Free-text object descriptions

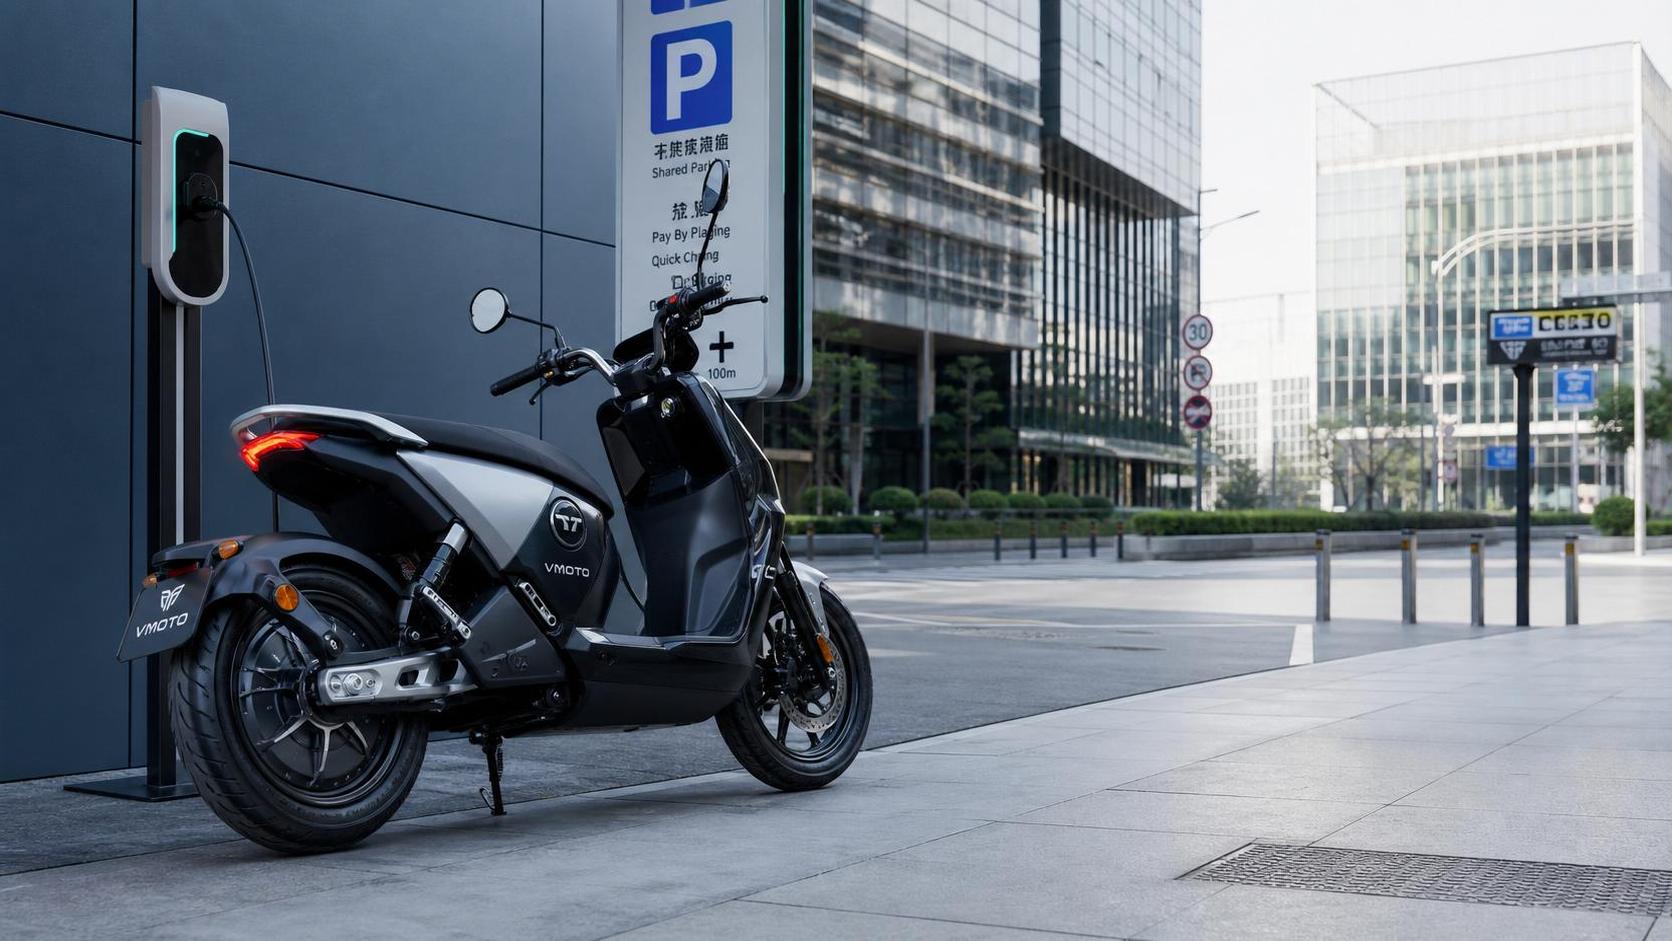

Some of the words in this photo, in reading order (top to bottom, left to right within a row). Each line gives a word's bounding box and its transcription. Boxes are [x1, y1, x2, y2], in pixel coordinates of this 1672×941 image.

[666, 38, 718, 121] P
[652, 163, 688, 179] Shared
[652, 231, 672, 245] Pay
[674, 229, 688, 243] By
[652, 252, 682, 268] Quick
[1188, 323, 1207, 341] 30
[709, 367, 736, 380] 100m
[544, 562, 590, 578] VMOTO
[136, 612, 189, 638] VMOTO
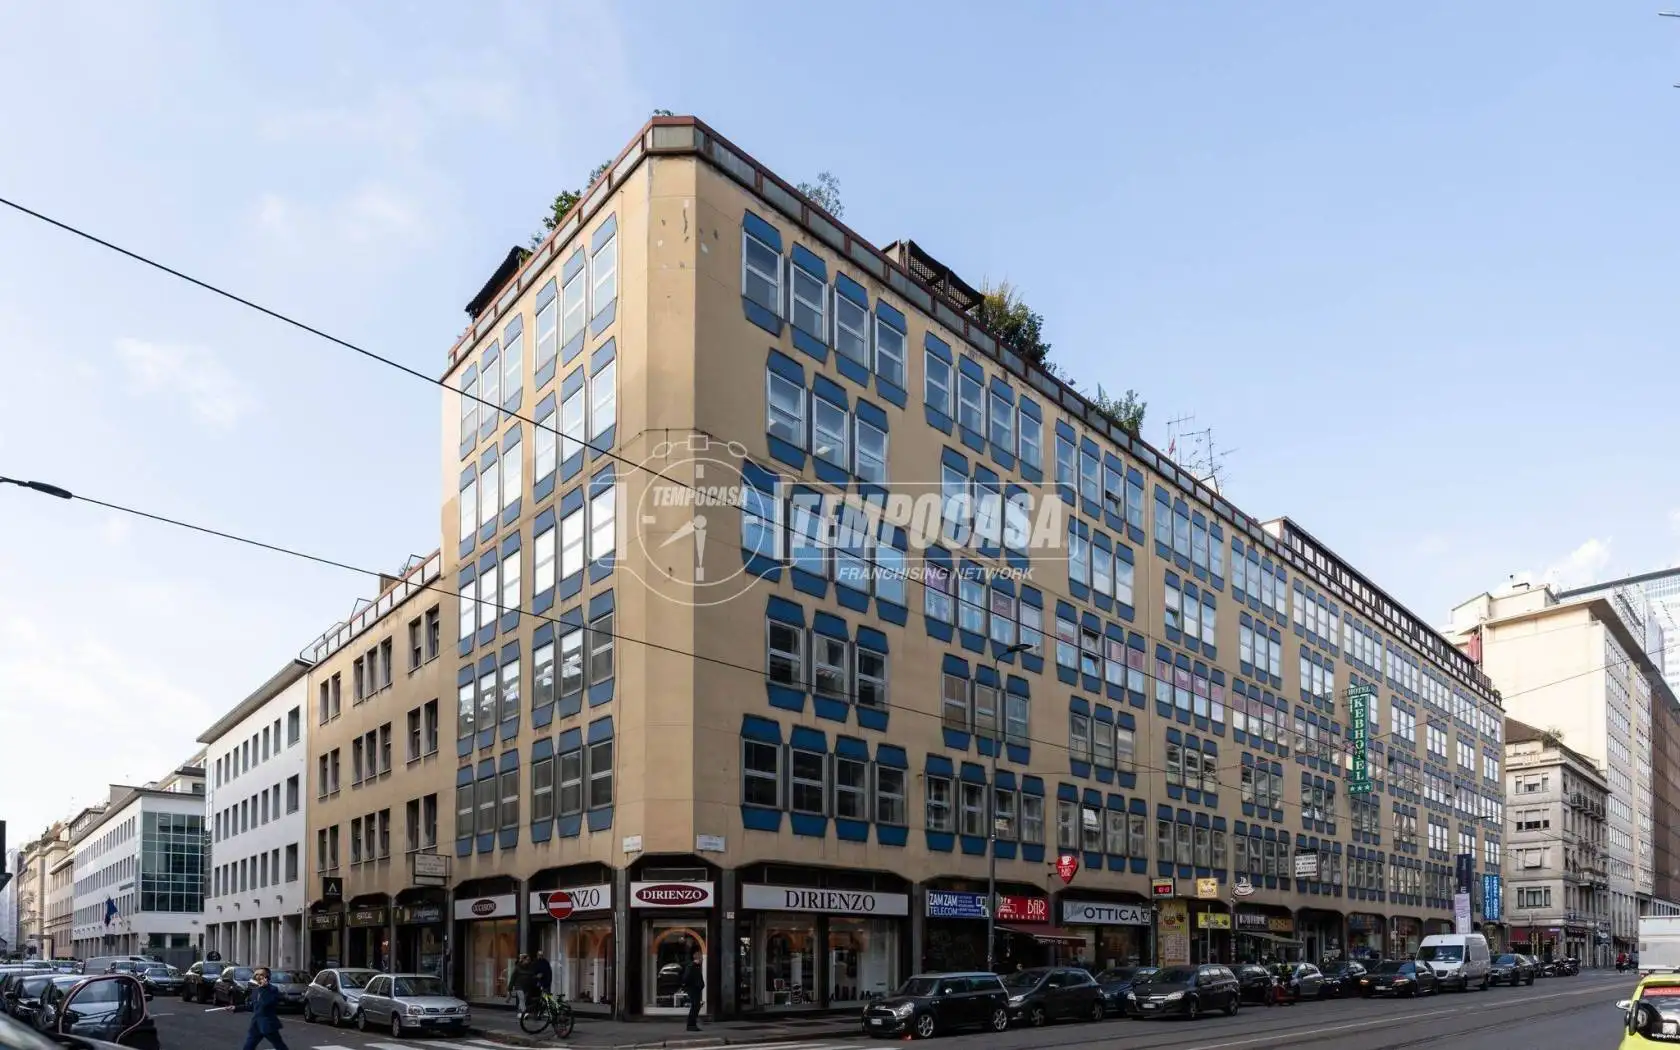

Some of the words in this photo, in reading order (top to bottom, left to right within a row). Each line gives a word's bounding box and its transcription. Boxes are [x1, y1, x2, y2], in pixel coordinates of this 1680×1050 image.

[1348, 686, 1370, 695] HOTEL
[642, 890, 702, 900] DIRIENZO
[785, 890, 876, 912] DIRIENZO
[929, 893, 943, 906] ZAM
[944, 894, 958, 907] ZAM
[929, 906, 958, 916] TELECOM
[1027, 899, 1045, 915] BAR
[1084, 907, 1139, 921] OTTICA
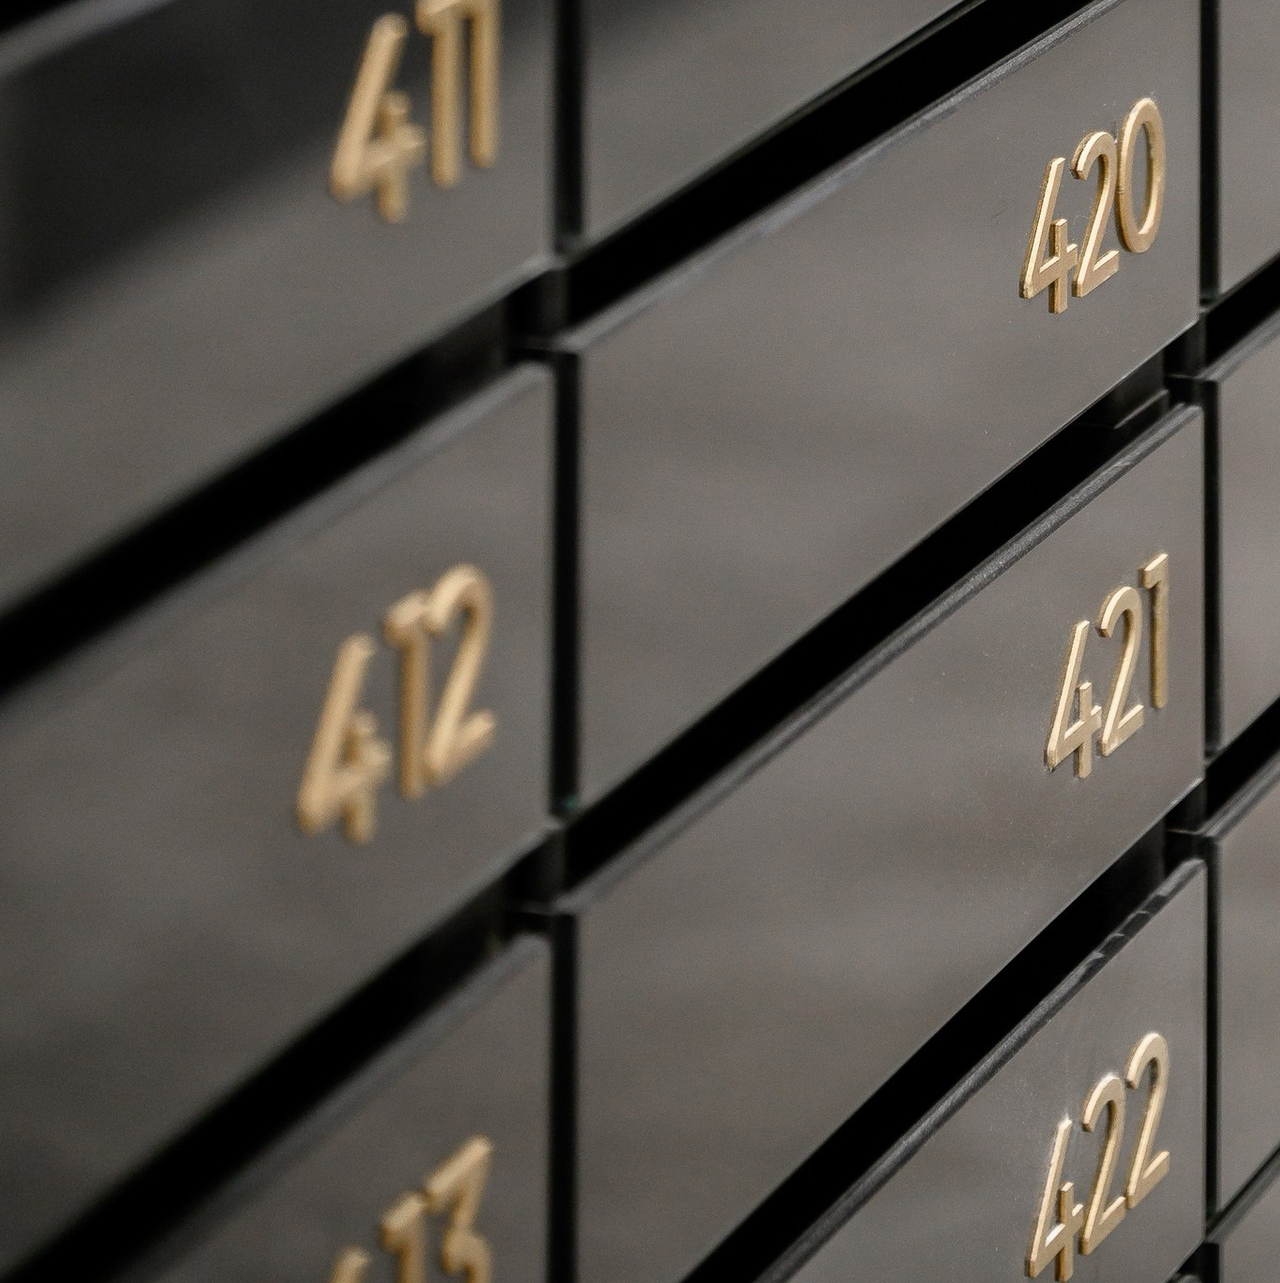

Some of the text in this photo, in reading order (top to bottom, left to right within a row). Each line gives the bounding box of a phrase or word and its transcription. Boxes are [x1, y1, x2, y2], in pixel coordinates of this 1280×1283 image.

- **Assignment**:
Set each line of the records down exactly, leaving every picture out.

- **Final answer**:
Some of the words in this photo, in reading order (top to bottom, left to right within a row). Each line gives a word's bounding box and its transcription. Boxes are [x1, y1, x2, y2], in pixel coordinates of this 1672×941 image.

[666, 38, 718, 121] P
[652, 163, 688, 179] Shared
[652, 231, 672, 245] Pay
[674, 229, 688, 243] By
[652, 252, 682, 268] Quick
[1188, 323, 1207, 341] 30
[709, 367, 736, 380] 100m
[544, 562, 590, 578] VMOTO
[136, 612, 189, 638] VMOTO

Some of the words in this photo, in reading order (top to bottom, left to right within a row). Each line gives a word's bounding box and its transcription. Boxes are [x1, y1, x2, y2], in pixel coordinates of this 1680×1050 image.

[1348, 686, 1370, 695] HOTEL
[642, 890, 702, 900] DIRIENZO
[785, 890, 876, 912] DIRIENZO
[929, 893, 943, 906] ZAM
[944, 894, 958, 907] ZAM
[929, 906, 958, 916] TELECOM
[1027, 899, 1045, 915] BAR
[1084, 907, 1139, 921] OTTICA

Some of the text in this photo, in reading order (top to bottom, left to right within a row). Each line gives the bounding box of a phrase or word and its transcription. Boxes are [x1, y1, x2, y2], in pixel coordinates of this 1280×1283 image.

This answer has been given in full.